This article, the first of two parts, is adapted from a chapter in “Readings in White Collar Crime,” Second Edition, from David Shichor et al. (Long Grove, Ill.: Waveland Press Inc., forthcoming). Reprinted by permission of Waveland Press Inc. All rights reserved.
When the American economy slowed in 2007 and home prices stagnated, a domino effect relentlessly began to play out. Unemployment rose, which further incapacitated homeowners without standby assets. Consumers couldn’t make credit card payments and became wary of going further over their heads financially. Automobile sales plummeted and businesses became strapped for cash.
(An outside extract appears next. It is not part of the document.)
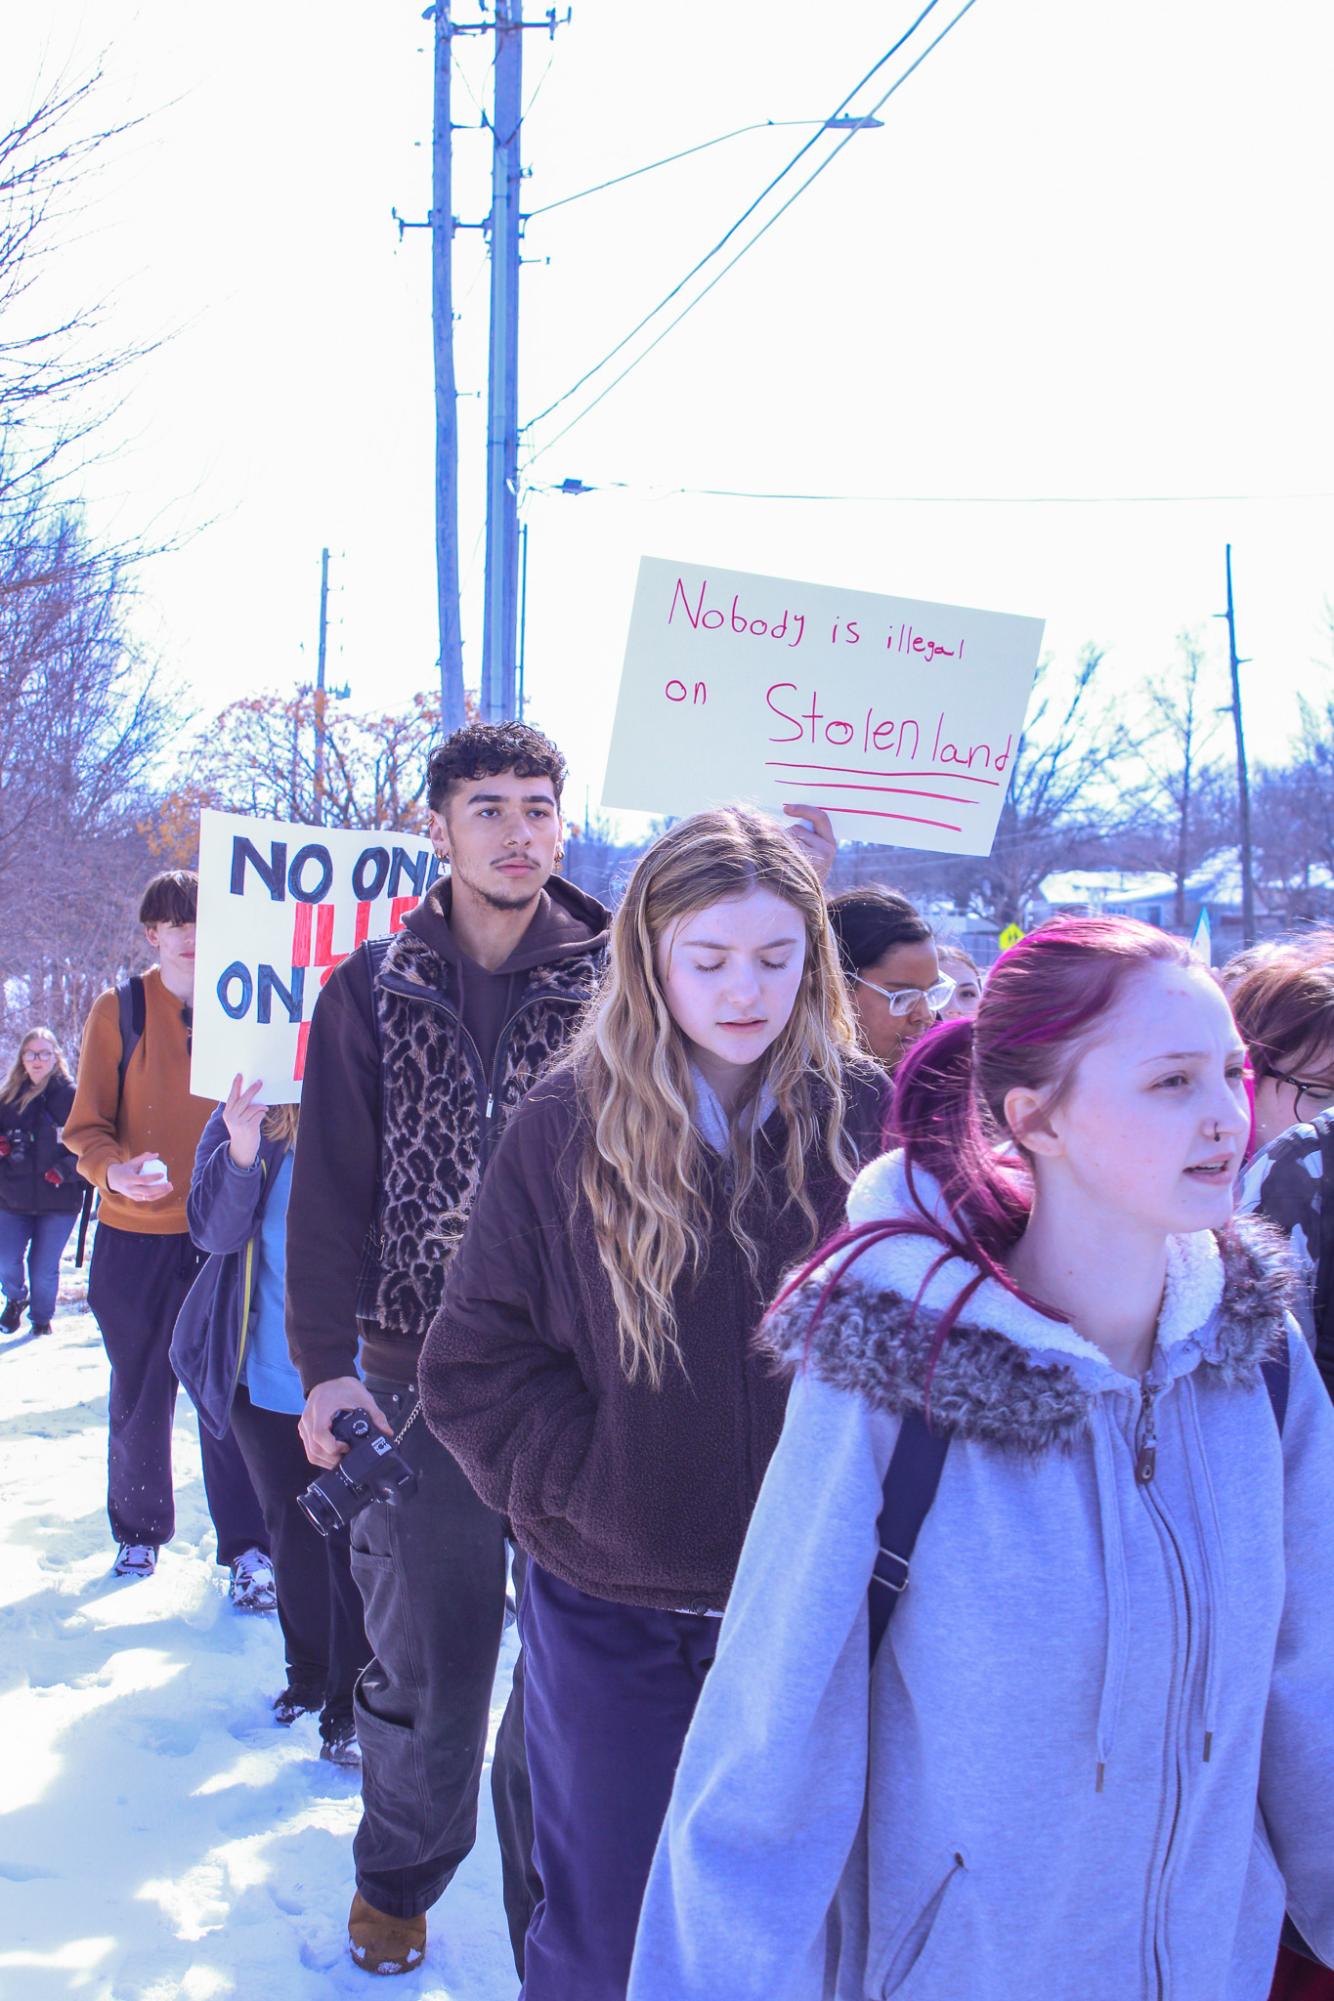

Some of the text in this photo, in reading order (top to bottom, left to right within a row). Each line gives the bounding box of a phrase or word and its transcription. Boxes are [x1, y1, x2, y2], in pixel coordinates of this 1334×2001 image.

[668, 577, 965, 662] Nobody is illegal
[664, 679, 708, 705] on
[229, 835, 334, 905] NO
[216, 960, 306, 1024] ON
Those dependent on bank loans found lending institutions short of funds and reluctant to give up what little they had.
In the wake of the foundering economic conditions, the public realized that large businesses had rewarded their executives with what many regarded as obscene salaries and bonuses even while the companies’ balance sheets showed staggering losses. These multimillion-dollar bonus payouts were arranged by boards of directors that had been chosen by the very executives who “earned” the huge sums paid out to them (Friedrichs, 2009).
It didn’t take long before the American economic system collapse was matched by similar financial catastrophes in countries around the globe. In the fall of 2008, for instance, Iceland’s government declared bankruptcy; it no longer was able to meet its foreign debts. The krona, the national currency, had almost no value so the country couldn’t pay for the imports that are essential to existence on the isolated island (Wessel, 2009).
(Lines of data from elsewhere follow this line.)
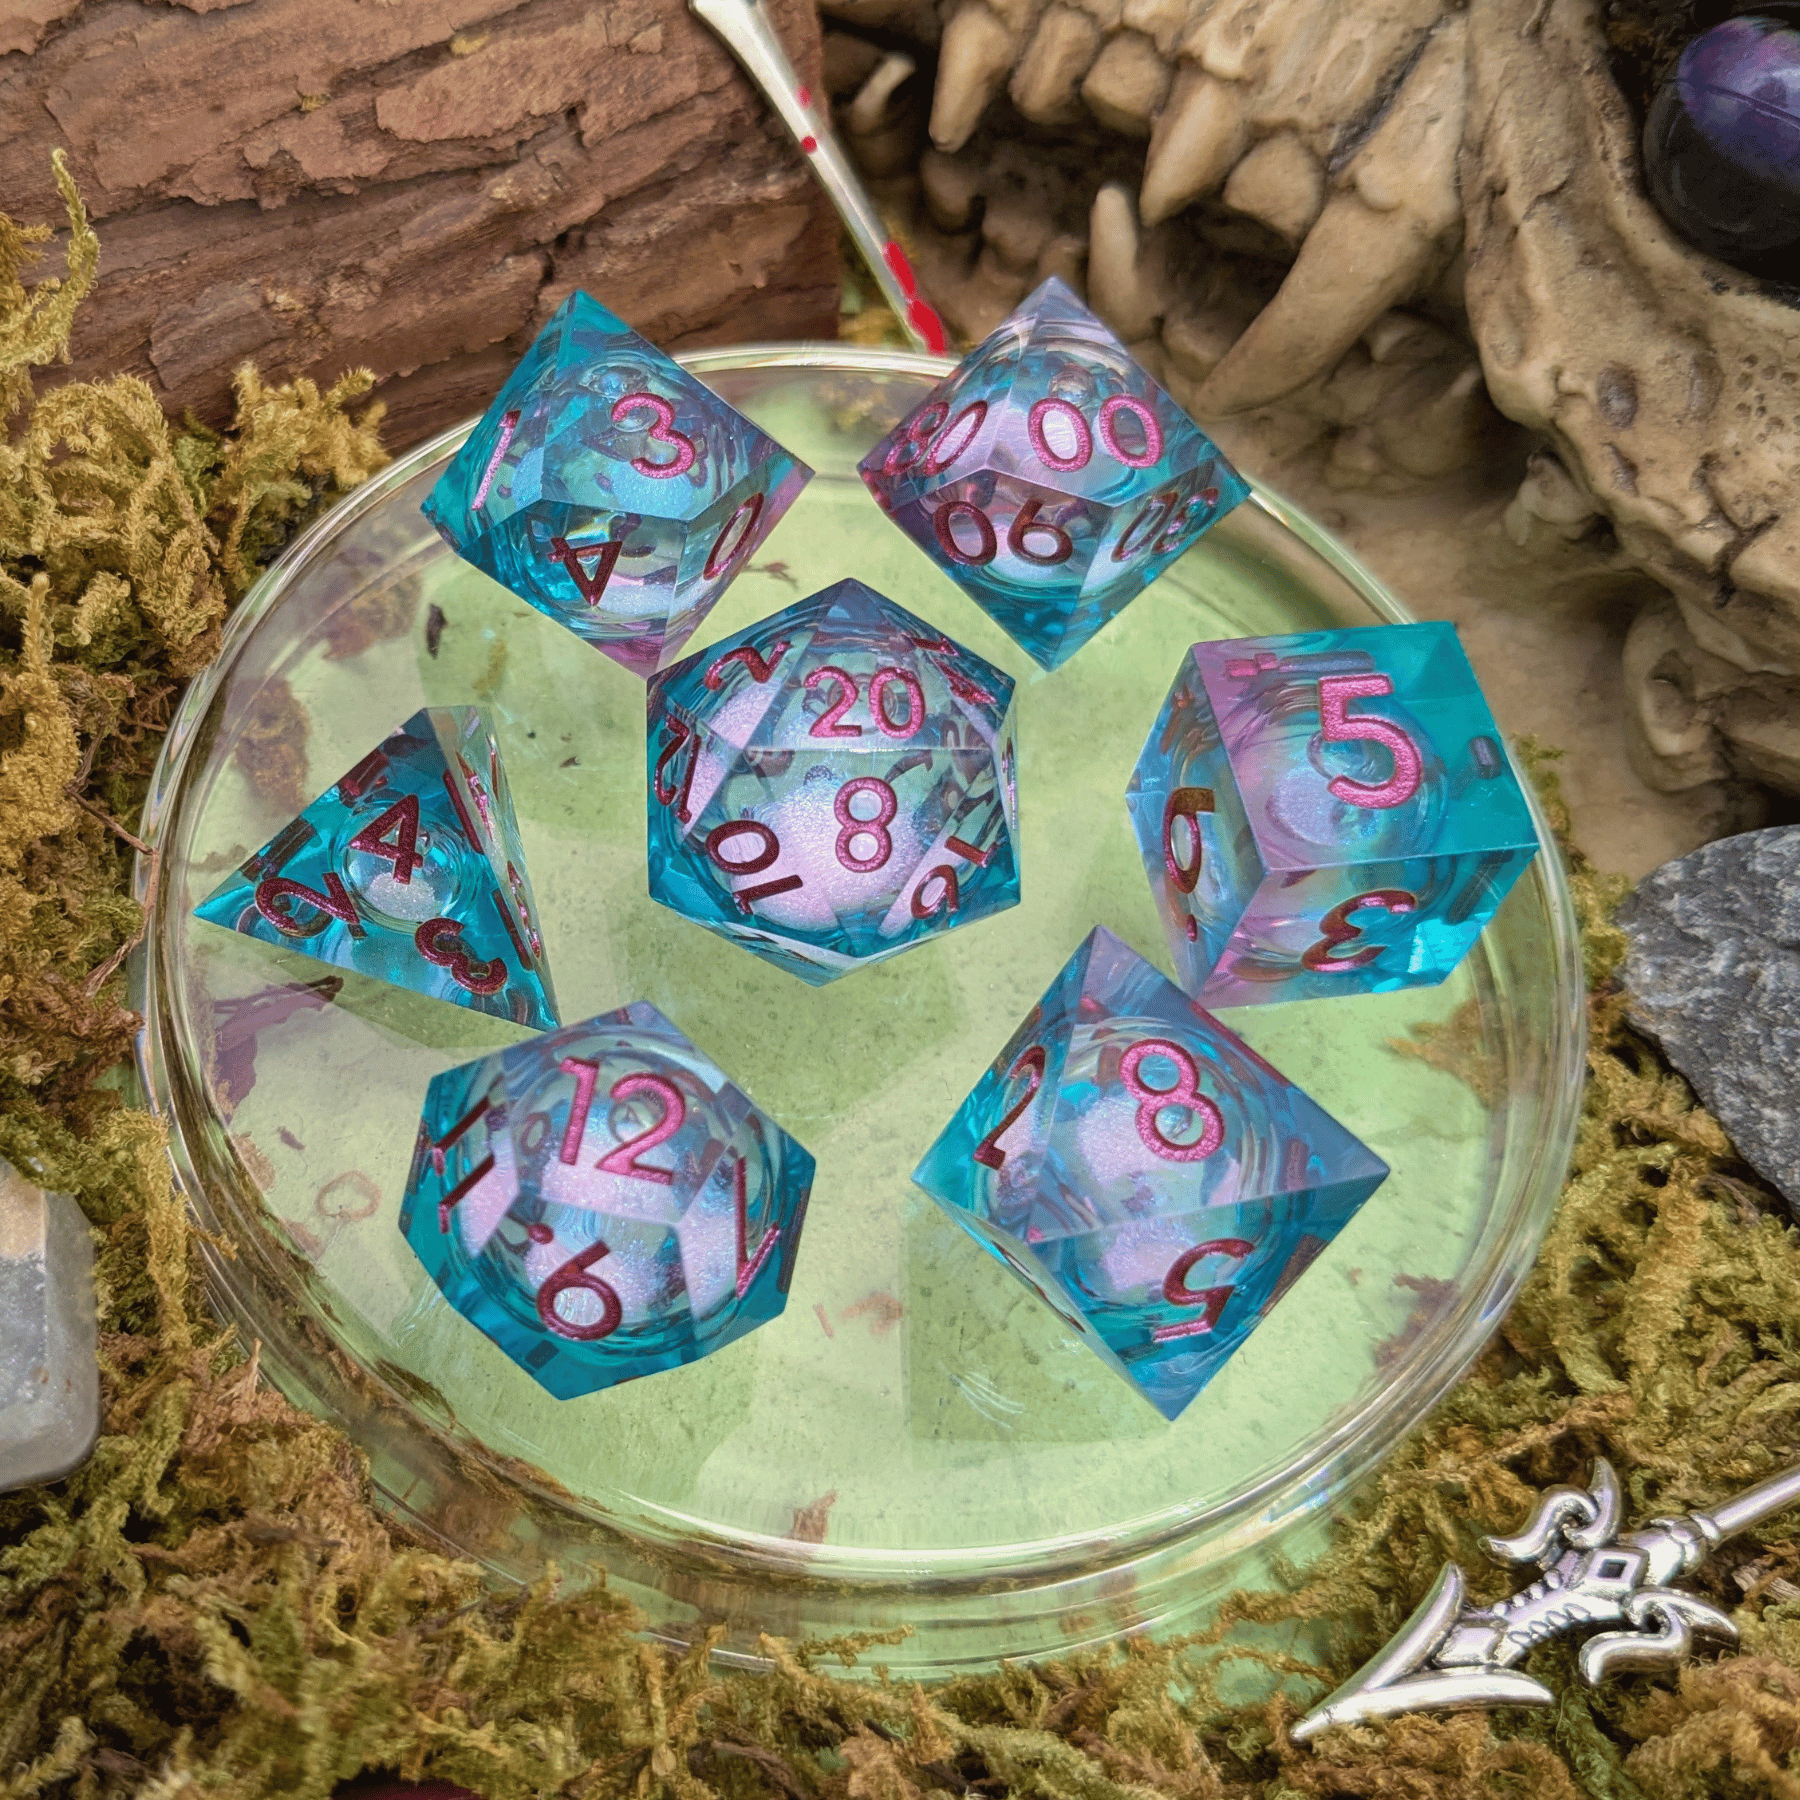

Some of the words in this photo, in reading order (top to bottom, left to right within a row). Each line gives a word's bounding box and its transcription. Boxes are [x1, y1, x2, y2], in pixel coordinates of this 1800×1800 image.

[472, 409, 522, 511] 1
[610, 391, 696, 480] 3
[1027, 392, 1165, 473] 00
[546, 536, 623, 606] 4
[703, 492, 765, 580] 0
[703, 640, 792, 691] 2
[804, 665, 926, 740] 20
[1317, 673, 1424, 810] 5
[349, 793, 424, 886] 4
[833, 776, 898, 874] 8
[413, 916, 508, 995] 3
[1302, 888, 1418, 973] 3
[558, 1055, 688, 1187] 12
[972, 1045, 1046, 1171] 2
[1118, 1038, 1225, 1163] 8
[1152, 1237, 1255, 1343] 5
The U.S. federal government, first during the lame duck days near the end of the administration of George W. Bush and subsequently in the Barack Obama presidency, poured billions of dollars into banks and other financial giants in an attempt to revitalize commerce, or, at least, to keep matters from getting worse.
But many of the companies that received bailouts continued business as usual. And the media showcased in spectacular fashion the top executives’ greed as the embittered world watched on in disgust.